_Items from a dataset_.
※

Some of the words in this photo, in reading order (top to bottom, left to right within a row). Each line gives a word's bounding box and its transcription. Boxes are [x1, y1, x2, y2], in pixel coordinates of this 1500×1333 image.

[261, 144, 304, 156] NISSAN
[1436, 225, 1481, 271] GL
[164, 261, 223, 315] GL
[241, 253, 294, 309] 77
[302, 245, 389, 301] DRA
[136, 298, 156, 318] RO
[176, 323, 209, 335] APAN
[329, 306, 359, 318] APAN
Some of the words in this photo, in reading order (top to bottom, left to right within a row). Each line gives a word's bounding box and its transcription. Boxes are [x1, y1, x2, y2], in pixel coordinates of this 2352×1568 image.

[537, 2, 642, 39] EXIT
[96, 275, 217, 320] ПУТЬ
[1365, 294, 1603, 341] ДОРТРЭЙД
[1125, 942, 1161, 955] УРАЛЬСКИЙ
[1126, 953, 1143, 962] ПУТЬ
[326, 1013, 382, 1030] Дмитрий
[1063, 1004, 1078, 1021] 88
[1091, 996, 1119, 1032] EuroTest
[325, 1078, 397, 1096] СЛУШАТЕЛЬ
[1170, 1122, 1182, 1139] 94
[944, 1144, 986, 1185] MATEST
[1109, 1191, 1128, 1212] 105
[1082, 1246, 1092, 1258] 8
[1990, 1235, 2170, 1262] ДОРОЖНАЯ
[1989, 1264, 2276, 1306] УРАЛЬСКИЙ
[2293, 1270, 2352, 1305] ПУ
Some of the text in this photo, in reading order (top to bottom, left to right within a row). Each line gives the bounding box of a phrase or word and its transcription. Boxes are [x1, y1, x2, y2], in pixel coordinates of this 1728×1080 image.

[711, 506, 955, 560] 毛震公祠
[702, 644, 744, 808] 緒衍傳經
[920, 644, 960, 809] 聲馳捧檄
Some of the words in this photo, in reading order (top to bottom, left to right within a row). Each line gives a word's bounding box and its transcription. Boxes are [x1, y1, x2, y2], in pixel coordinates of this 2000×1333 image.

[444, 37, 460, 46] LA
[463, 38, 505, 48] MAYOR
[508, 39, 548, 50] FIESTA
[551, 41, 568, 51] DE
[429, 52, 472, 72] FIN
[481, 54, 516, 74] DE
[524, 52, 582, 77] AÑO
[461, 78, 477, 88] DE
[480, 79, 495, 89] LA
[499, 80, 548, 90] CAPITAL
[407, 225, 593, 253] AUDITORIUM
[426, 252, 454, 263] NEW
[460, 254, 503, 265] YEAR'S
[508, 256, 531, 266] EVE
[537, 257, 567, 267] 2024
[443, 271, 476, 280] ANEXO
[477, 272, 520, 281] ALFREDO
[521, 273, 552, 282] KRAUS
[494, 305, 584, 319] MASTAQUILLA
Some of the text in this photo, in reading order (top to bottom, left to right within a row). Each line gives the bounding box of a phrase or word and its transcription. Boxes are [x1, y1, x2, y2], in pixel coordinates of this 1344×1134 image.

※

_WHAT YOU HAVE TO DO_. The data above should be returned in full, exactly as written.

_RESULT OF THE EXERCISE_.
Some of the words in this photo, in reading order (top to bottom, left to right within a row). Each line gives a word's bounding box and its transcription. Boxes are [x1, y1, x2, y2], in pixel coordinates of this 1500×1333 image.

[261, 144, 304, 156] NISSAN
[1436, 225, 1481, 271] GL
[164, 261, 223, 315] GL
[241, 253, 294, 309] 77
[302, 245, 389, 301] DRA
[136, 298, 156, 318] RO
[176, 323, 209, 335] APAN
[329, 306, 359, 318] APAN
Some of the words in this photo, in reading order (top to bottom, left to right within a row). Each line gives a word's bounding box and its transcription. Boxes are [x1, y1, x2, y2], in pixel coordinates of this 2352×1568 image.

[537, 2, 642, 39] EXIT
[96, 275, 217, 320] ПУТЬ
[1365, 294, 1603, 341] ДОРТРЭЙД
[1125, 942, 1161, 955] УРАЛЬСКИЙ
[1126, 953, 1143, 962] ПУТЬ
[326, 1013, 382, 1030] Дмитрий
[1063, 1004, 1078, 1021] 88
[1091, 996, 1119, 1032] EuroTest
[325, 1078, 397, 1096] СЛУШАТЕЛЬ
[1170, 1122, 1182, 1139] 94
[944, 1144, 986, 1185] MATEST
[1109, 1191, 1128, 1212] 105
[1082, 1246, 1092, 1258] 8
[1990, 1235, 2170, 1262] ДОРОЖНАЯ
[1989, 1264, 2276, 1306] УРАЛЬСКИЙ
[2293, 1270, 2352, 1305] ПУ
Some of the text in this photo, in reading order (top to bottom, left to right within a row). Each line gives the bounding box of a phrase or word and its transcription. Boxes are [x1, y1, x2, y2], in pixel coordinates of this 1728×1080 image.

[711, 506, 955, 560] 毛震公祠
[702, 644, 744, 808] 緒衍傳經
[920, 644, 960, 809] 聲馳捧檄
Some of the words in this photo, in reading order (top to bottom, left to right within a row). Each line gives a word's bounding box and its transcription. Boxes are [x1, y1, x2, y2], in pixel coordinates of this 2000×1333 image.

[444, 37, 460, 46] LA
[463, 38, 505, 48] MAYOR
[508, 39, 548, 50] FIESTA
[551, 41, 568, 51] DE
[429, 52, 472, 72] FIN
[481, 54, 516, 74] DE
[524, 52, 582, 77] AÑO
[461, 78, 477, 88] DE
[480, 79, 495, 89] LA
[499, 80, 548, 90] CAPITAL
[407, 225, 593, 253] AUDITORIUM
[426, 252, 454, 263] NEW
[460, 254, 503, 265] YEAR'S
[508, 256, 531, 266] EVE
[537, 257, 567, 267] 2024
[443, 271, 476, 280] ANEXO
[477, 272, 520, 281] ALFREDO
[521, 273, 552, 282] KRAUS
[494, 305, 584, 319] MASTAQUILLA
Some of the text in this photo, in reading order (top to bottom, left to right within a row). Each line gives the bounding box of a phrase or word and its transcription. Boxes are [x1, y1, x2, y2], in pixel coordinates of this 1344×1134 image.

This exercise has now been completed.